Insomma, solo rimpalli di competenze ma ancora nessun piano. Per quanto riguarda, invece, le misure di mitigazione degli eventi estremi qualche cosa in più è stata fatta dall’Amministrazione. “Abbiamo disposto un disciplinare che prevede varie misure – continua Cantarella – tra cui quella della forestazione urbana su cui ci stiamo spendendo molto. Nel primo anno abbiamo sposato un progetto di Legambiente ‘100 alberi per Catania’ ma poi abbiamo anche fatto un progetto nostro grazie alla Democrazia partecipata 2000 alberi per Catania’ che abbiamo già piantumato tutti. Poi è prevista anche la creazione di serbatoi per le forti piogge e un progetto relativo all’adattamento e alla resilienza ai cambiamenti climatici. Per quanto concerne il profilo climatico – conclude – ci siamo avvalsi di studi dell’Unict. I fenomeni che colpiscono di più la città sono ondate di calore, bombe d’acqua e ultimamente anche trombe d’aria. Ognuno di questi fenomeni richiede misure e interventi diversi. L’iter sta comunque proseguendo”.

Dafne-Musolino

Messina, ancora vivo il dramma dell’alluvione del 2009

Nessuna notizia sullo stato di avanzamento del Paesc

Messina è la città metropolitana ad essere stata colpita da meno eventi estremi tra il 2010 e il 2020, solamente quattro nell’ex capoluogo di provincia. Tuttavia, anche nel caso di Messina, si nota la presenza di fenomeni estremamente impattanti sul territorio.

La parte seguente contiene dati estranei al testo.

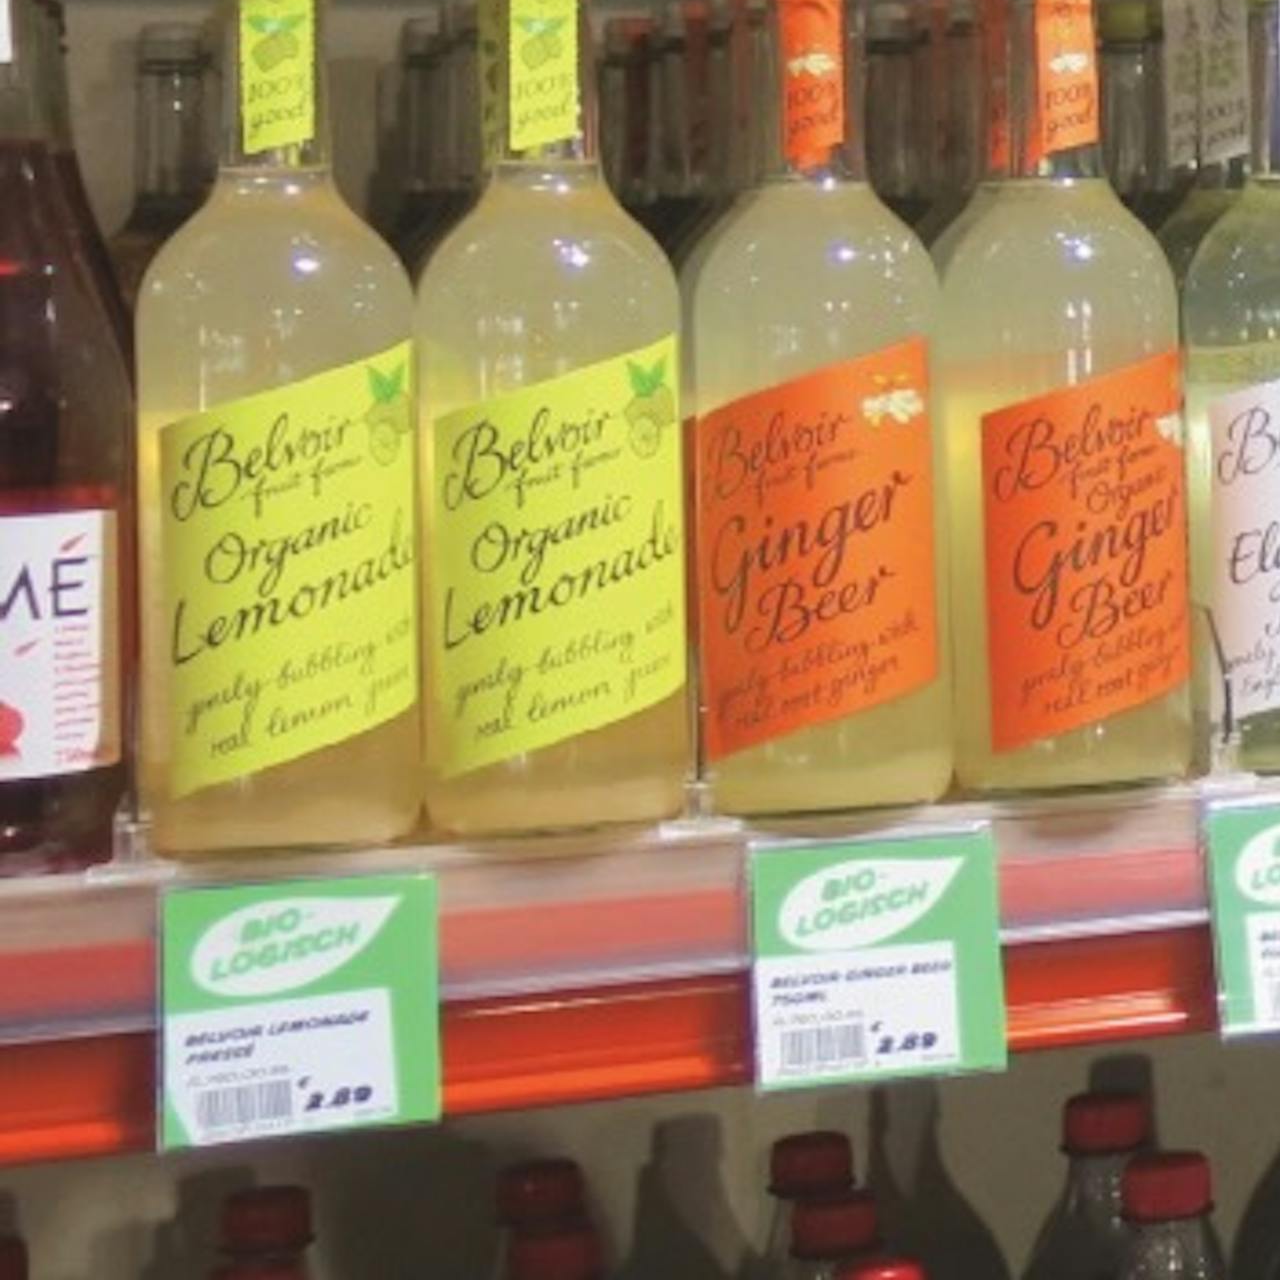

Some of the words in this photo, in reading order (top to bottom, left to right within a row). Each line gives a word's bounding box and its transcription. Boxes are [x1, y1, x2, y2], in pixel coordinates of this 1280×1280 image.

Il più devastante si è verificato il primo ottobre del 2009. In questa occasione, un violento nubifragio ha provocato lo straripamento dei corsi d’acqua e diversi eventi franosi, che hanno causato colate di fango in varie zone della provincia di Messina, causando 37 morti, 95 feriti e sei dispersi. In un evento più recente, accaduto il 17 giugno 2018, invece, un’altra esondazione di torrenti ha causato vari guasti alla rete idrica, blackout e allagamenti delle strade che hanno portato all’isolamento di circa 200 persone.

Purtroppo, sullo stato di avanzamento dei lavori sul Paesc non abbiamo notizia, in quanto l’assessore all’Ambiente del Comune, Dafne Musolino, non ci ha voluto informare in merito (abbiamo provato a contattarla ripetutamente senza successo). Quello che è certo è che nonostante i soldi ricevuti dalla Regione, Messina, così come le altre due città metropolitane, non ha ancora approvato un piano di adattamento ai cambiamenti climatici per cercare di evitare tragedie come quella del 2009.

Per quanto concerne la mitigazione del rischio di eventi estremi però, a dire dell’assessore, qualcosa è stata fatta. L’ultimo commento in merito della Musolino risale al 2019, subito dopo gli attacchi ricevuti dal circolo comunale di Legambiente. “È da chiarire una volta per tutte – aveva chiosato l’assessore – che il Comune ha avviato la messa in sicurezza e la riqualificazione del patrimonio arboreo cittadino, anche mediante la sostituzione degli alberi riconosciuti a rischio schianto e a seguito di analisi visive e strumentali delle ceppaie lasciate lungo le strade e di abbattimenti degli alberi eseguiti dalla precedente Amministrazione, mai sostituite”.

Agrigento, parla l’assessore Gerlando Principato

Città dei templi… e dei disastri, il Comune corre ai ripari

Ad Agrigento sembra che gli effetti del climate change colpiscano più duramente. Infatti, la città dei templi è il centro urbano siciliano più colpito da aventi estremi tra il 2010 e il 2020 (ben 31). Inoltre, le temperature medie sembrerebbero essere incrementate di 4°C negli ultimi quarant’anni. In questi anni, il Comune ha subito 15 allagamenti da piogge intense, sette danni da trombe d’aria e sette alle infrastrutture.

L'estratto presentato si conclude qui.